Input data >>
········

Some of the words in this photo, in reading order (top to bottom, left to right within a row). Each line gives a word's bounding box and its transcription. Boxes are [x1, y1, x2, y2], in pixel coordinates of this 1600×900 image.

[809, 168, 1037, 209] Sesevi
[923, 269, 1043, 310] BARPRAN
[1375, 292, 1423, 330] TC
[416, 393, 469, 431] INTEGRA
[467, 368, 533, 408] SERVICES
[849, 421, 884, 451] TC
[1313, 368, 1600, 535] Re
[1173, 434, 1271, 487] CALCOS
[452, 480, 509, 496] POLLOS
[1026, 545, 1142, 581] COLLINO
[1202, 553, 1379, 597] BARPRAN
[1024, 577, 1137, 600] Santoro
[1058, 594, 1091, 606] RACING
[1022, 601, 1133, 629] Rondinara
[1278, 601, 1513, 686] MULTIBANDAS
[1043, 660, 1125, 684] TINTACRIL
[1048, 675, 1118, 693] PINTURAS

········

Repeat, word for word, all the lines above.

Your response >>
Some of the words in this photo, in reading order (top to bottom, left to right within a row). Each line gives a word's bounding box and its transcription. Boxes are [x1, y1, x2, y2], in pixel coordinates of this 1600×900 image.

[809, 168, 1037, 209] Sesevi
[923, 269, 1043, 310] BARPRAN
[1375, 292, 1423, 330] TC
[416, 393, 469, 431] INTEGRA
[467, 368, 533, 408] SERVICES
[849, 421, 884, 451] TC
[1313, 368, 1600, 535] Re
[1173, 434, 1271, 487] CALCOS
[452, 480, 509, 496] POLLOS
[1026, 545, 1142, 581] COLLINO
[1202, 553, 1379, 597] BARPRAN
[1024, 577, 1137, 600] Santoro
[1058, 594, 1091, 606] RACING
[1022, 601, 1133, 629] Rondinara
[1278, 601, 1513, 686] MULTIBANDAS
[1043, 660, 1125, 684] TINTACRIL
[1048, 675, 1118, 693] PINTURAS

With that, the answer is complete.